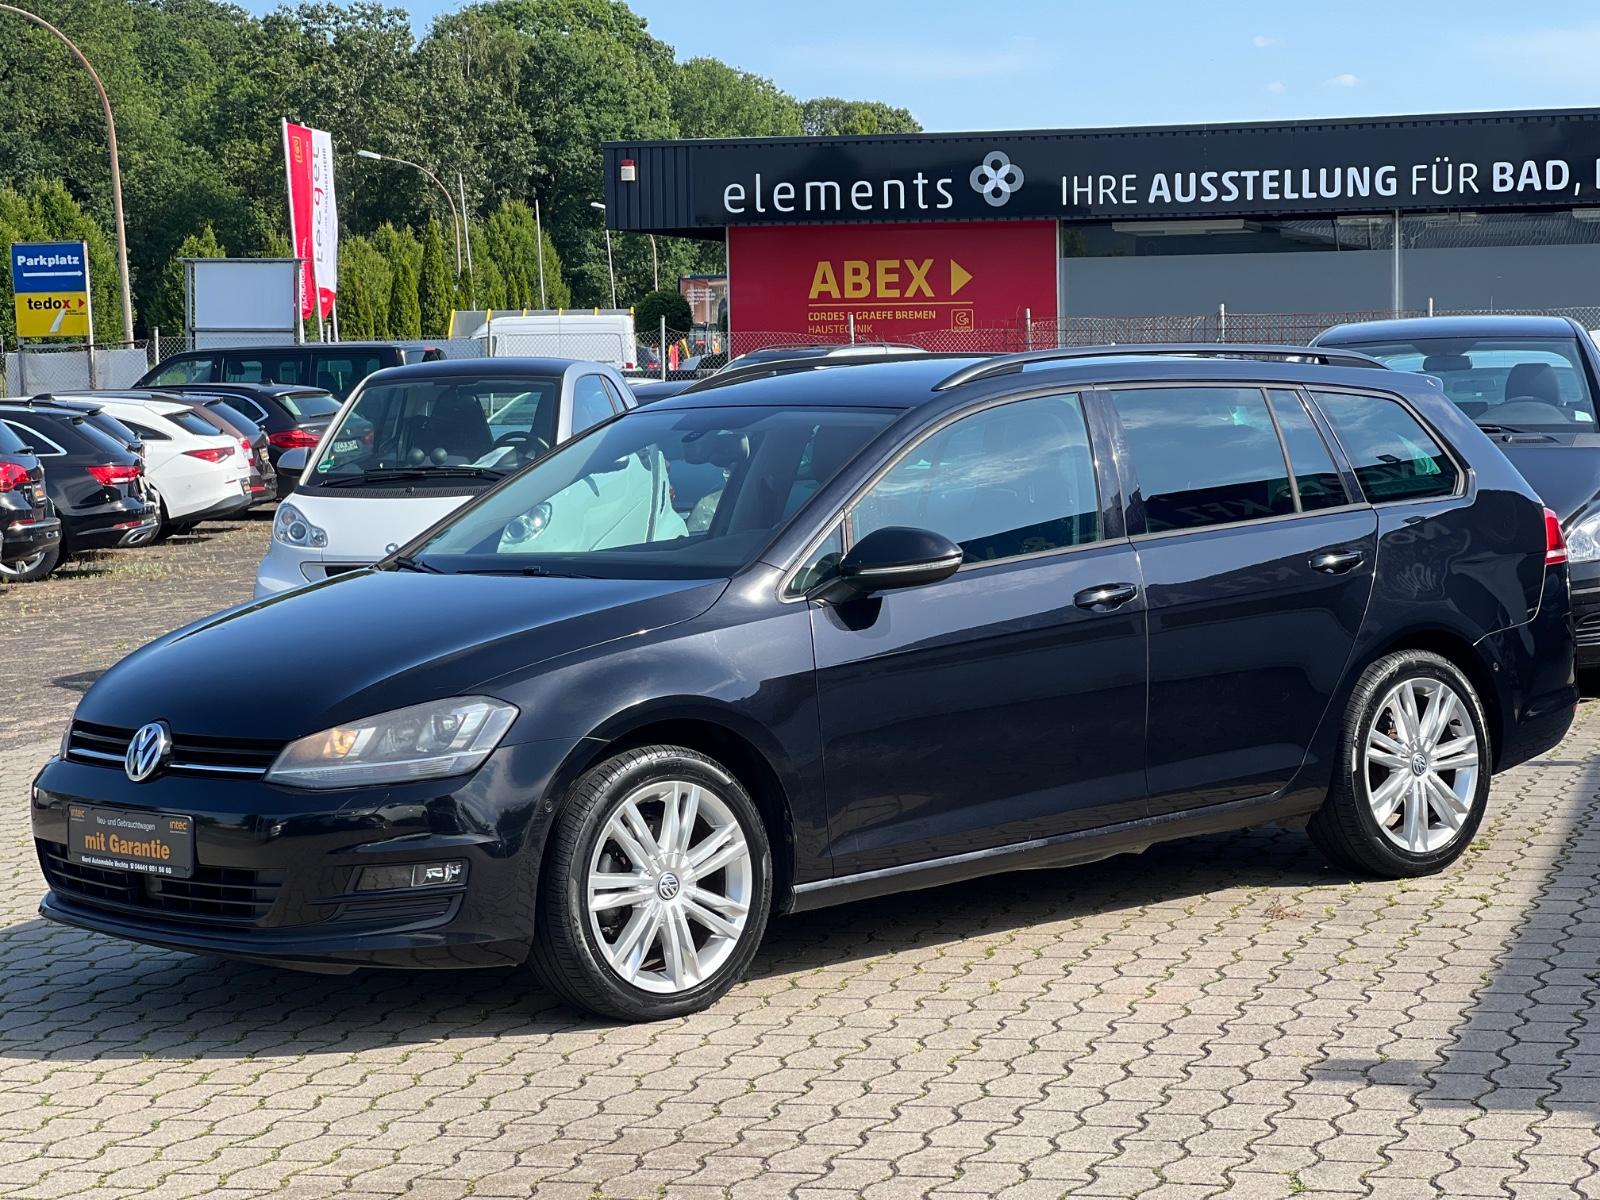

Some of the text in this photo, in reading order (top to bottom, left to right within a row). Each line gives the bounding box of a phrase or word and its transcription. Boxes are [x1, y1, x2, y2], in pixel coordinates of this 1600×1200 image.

[1062, 174, 1137, 206] IHRE
[1147, 165, 1397, 204] AUSSTELLUNG
[1411, 157, 1480, 195] FÜR
[1492, 159, 1581, 197] BAD,
[723, 172, 954, 214] elements
[17, 254, 80, 267] Parkplatz
[808, 258, 935, 299] ABEX
[27, 297, 71, 310] tedox
[808, 312, 845, 320] CORDES
[856, 311, 893, 320] GRAEFE
[895, 310, 936, 319] BREMEN
[169, 820, 188, 831] intec
[84, 832, 170, 860] mit Garantie
^^^^^^^^^^^^^^^^
[PROBLEM STATEMENT]
A verbatim copy of the entries, without the pictures, is what this task requires.

[ANSWER SPACE]
Some of the text in this photo, in reading order (top to bottom, left to right within a row). Each line gives the bounding box of a phrase or word and its transcription. Boxes are [x1, y1, x2, y2], in pixel coordinates of this 1600×1200 image.

[1062, 174, 1137, 206] IHRE
[1147, 165, 1397, 204] AUSSTELLUNG
[1411, 157, 1480, 195] FÜR
[1492, 159, 1581, 197] BAD,
[723, 172, 954, 214] elements
[17, 254, 80, 267] Parkplatz
[808, 258, 935, 299] ABEX
[27, 297, 71, 310] tedox
[808, 312, 845, 320] CORDES
[856, 311, 893, 320] GRAEFE
[895, 310, 936, 319] BREMEN
[169, 820, 188, 831] intec
[84, 832, 170, 860] mit Garantie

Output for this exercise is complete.